The open-rate interaction nobody expected
Bot clicks and auto-opens feed each other in a way most analysts miss. When a security gateway fetches a URL, it often also fetches the tracking pixel along the way, because the gateway loads the whole email content during inspection. That means a single scan can trigger both a click event and an open event, making the recipient look doubly engaged.
For a cold email send of 2,000 messages to corporate inboxes, I have logged cases where 600 opens and 200 clicks appeared within 90 seconds of delivery. The ESP showed a 30 percent open rate and 10 percent CTR within the first two minutes. By hour two, the curves barely moved. The first 90 seconds were almost entirely gateways, and the next few hours were almost entirely humans. The cumulative number looked excellent. The actual human engagement was closer to 8 percent open and 1.5 percent click, which is normal for cold outreach.

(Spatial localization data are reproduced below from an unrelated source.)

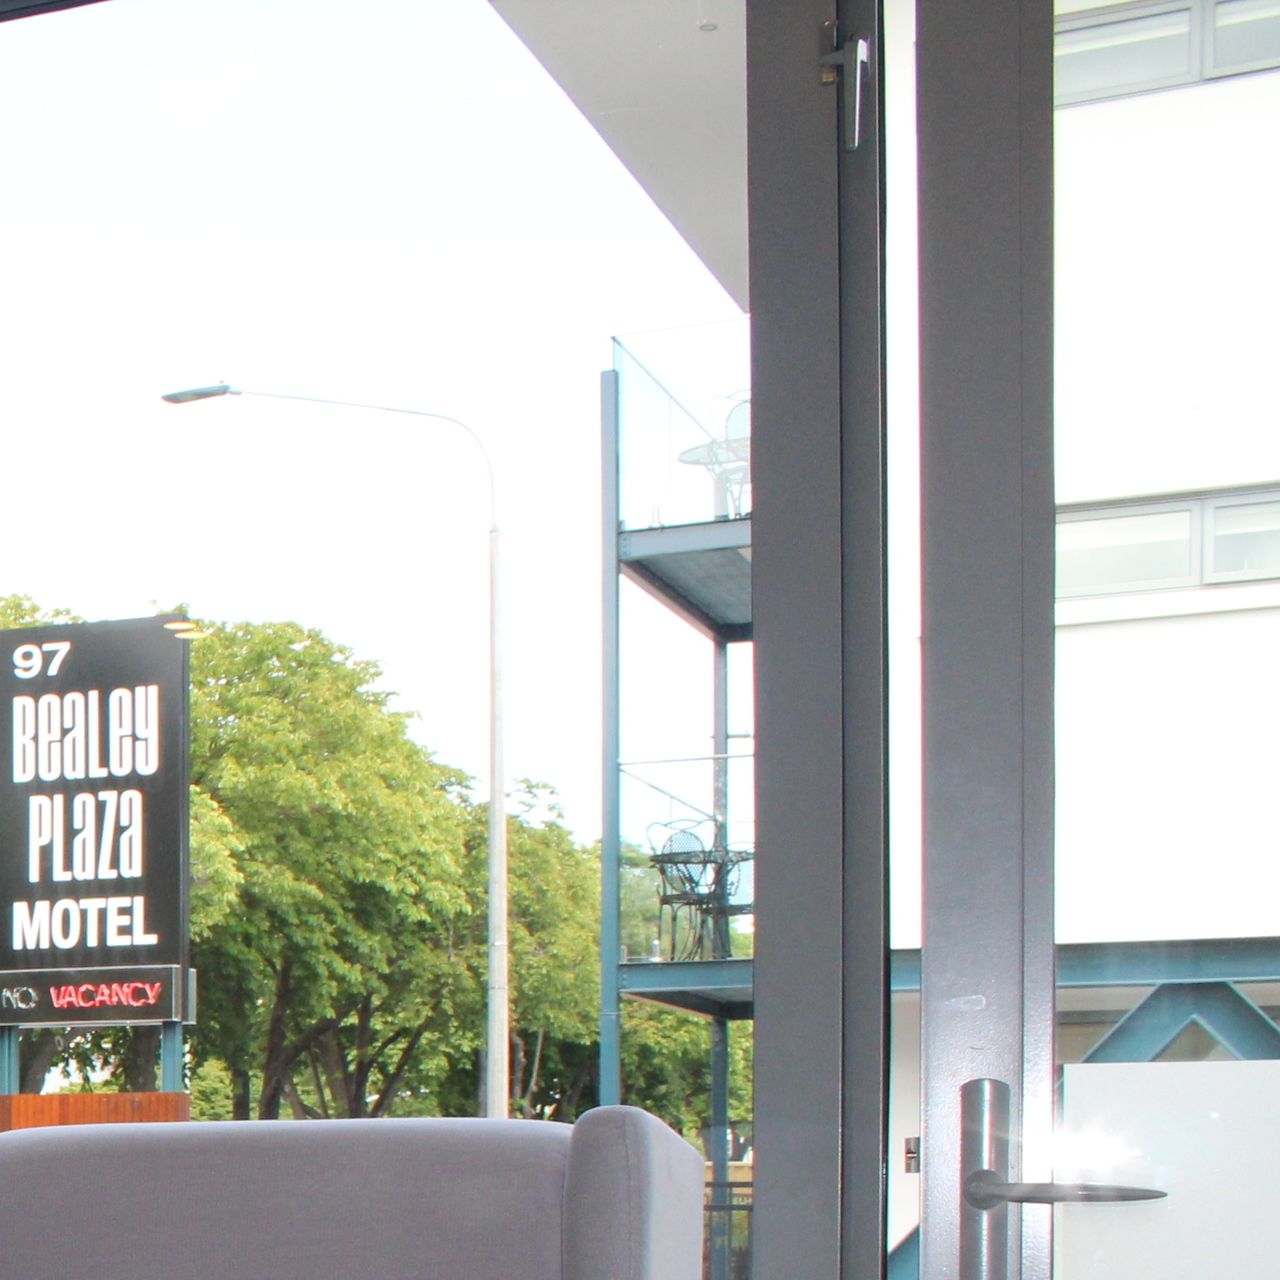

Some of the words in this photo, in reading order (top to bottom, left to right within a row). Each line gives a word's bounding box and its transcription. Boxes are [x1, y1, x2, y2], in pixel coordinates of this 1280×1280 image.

[11, 641, 71, 680] 97
[11, 895, 158, 951] MOTEL
[1, 985, 39, 1010] NO
[49, 981, 163, 1009] VACANCY
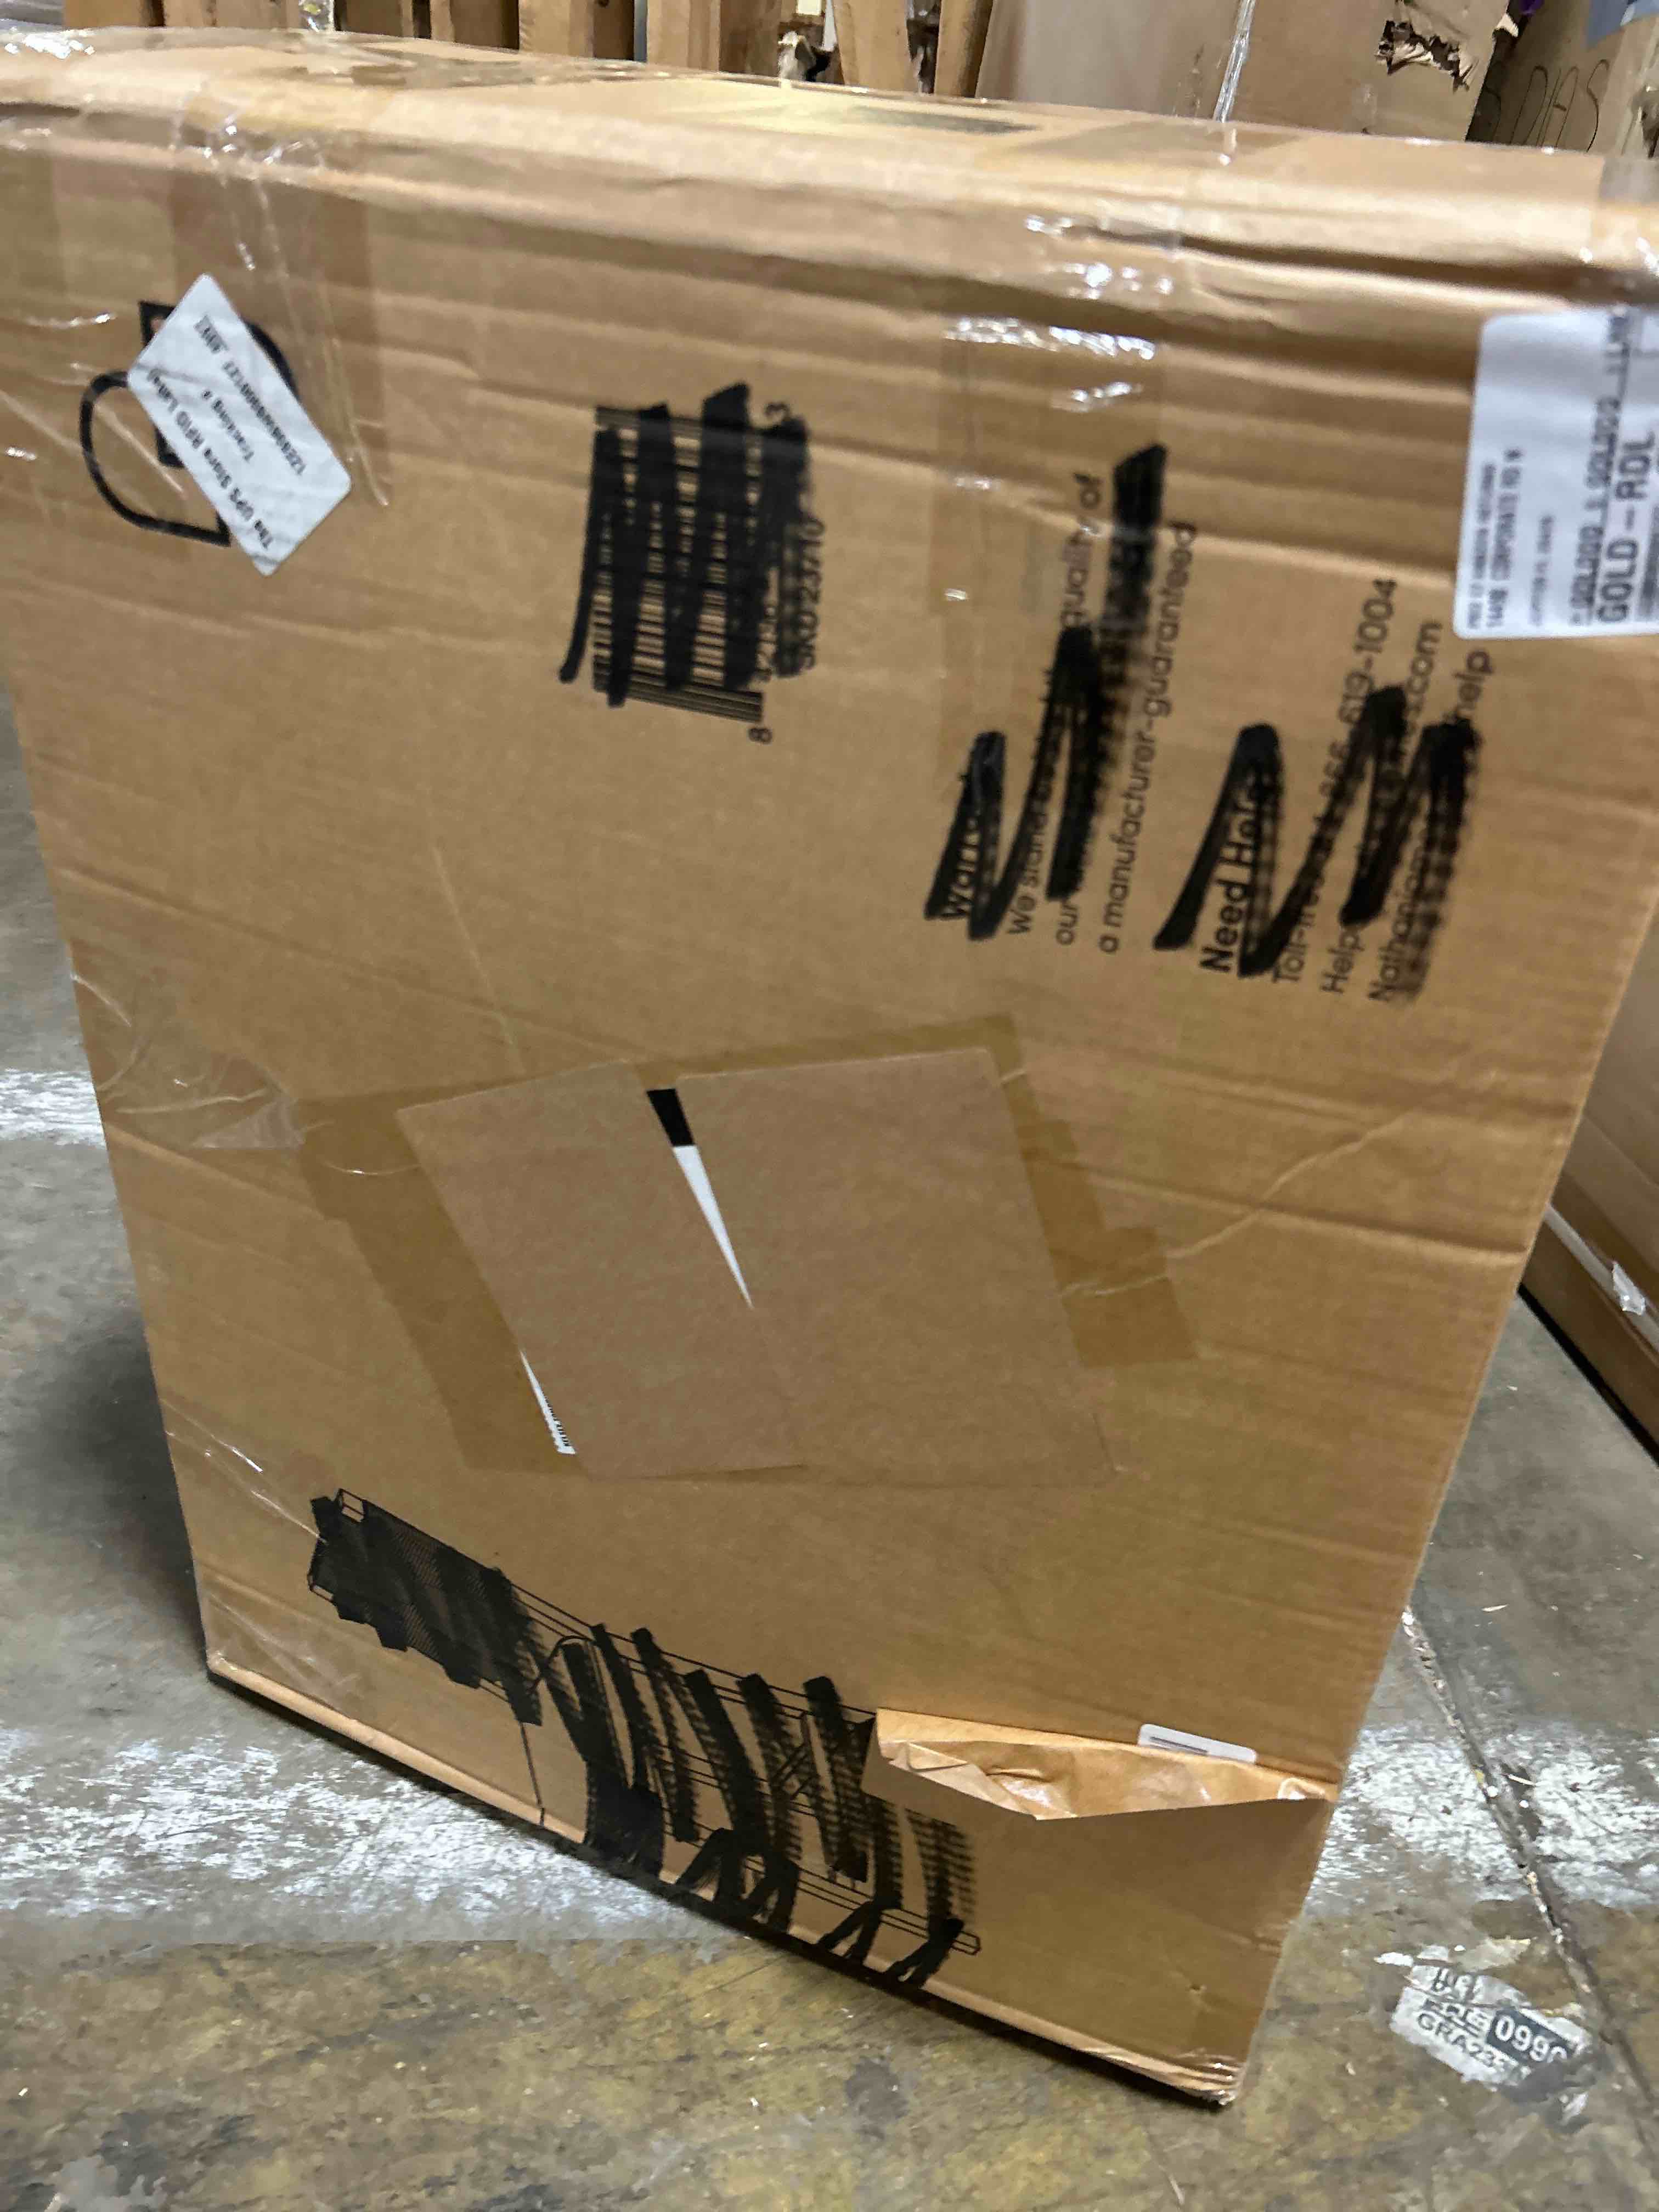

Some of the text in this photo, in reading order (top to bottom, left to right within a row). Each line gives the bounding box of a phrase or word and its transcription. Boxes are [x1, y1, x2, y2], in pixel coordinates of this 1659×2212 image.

[1596, 539, 1638, 623] GOLD
[748, 727, 772, 744] 8
[1008, 893, 1036, 936] We
[1074, 471, 1104, 507] of
[1104, 520, 1198, 923] manufacturer-guaranteed
[1099, 934, 1119, 954] a
[1200, 876, 1252, 973] Need

This double-counting effect also breaks day-over-day comparisons. If your Monday campaign went mostly to small business inboxes without gateway scanning, and your Tuesday campaign went mostly to enterprise inboxes with gateway scanning, Tuesday will look dramatically better in raw metrics even if Tuesday actually drove fewer real conversations. The difference is gateway density, not creative.
What clean data costs you politically
Here is the uncomfortable part. When you clean your click and open metrics of bot traffic, your numbers go down. A campaign that reported 18 percent CTR now reports 6 percent. A benchmark that looked industry-beating now looks mid-pack. For teams whose compensation or reporting cadence is tied to those inflated numbers, this feels like losing ground.
The senior marketers I know who have made the switch handle this by reframing the reporting. They present both the old and new numbers for one or two quarters with a clear explanation of what changed. They anchor executive conversations on conversions and reply rates, which were never inflated. They stop running A/B tests that use CTR as the primary outcome.
The political work is harder than the technical work. Most of my implementation projects spend three weeks on dashboards and nine weeks on stakeholder conversations about why the dashboards dropped.
What to do this week
Pull your click event log from the last 30 days. Sort by time-since-delivery. Count clicks under 10 seconds. That number, divided by your total click count, is roughly your bot click contamination rate. If it is over 20 percent, your current metrics are misleading you.
Then pull your automation triggers. For any journey triggered by a click, add a secondary filter: either "click from non-data-center IP" or "click followed by a page view or form submission within 10 minutes." One or the other is usually enough.
Finally, set a reply-rate baseline for every campaign type you run. If you do not know what a healthy reply rate looks like for your list, you cannot tell when you have a problem. Most teams are surprised to find their cold email reply rates are fine and their click rates were lying about their creative being better than it is.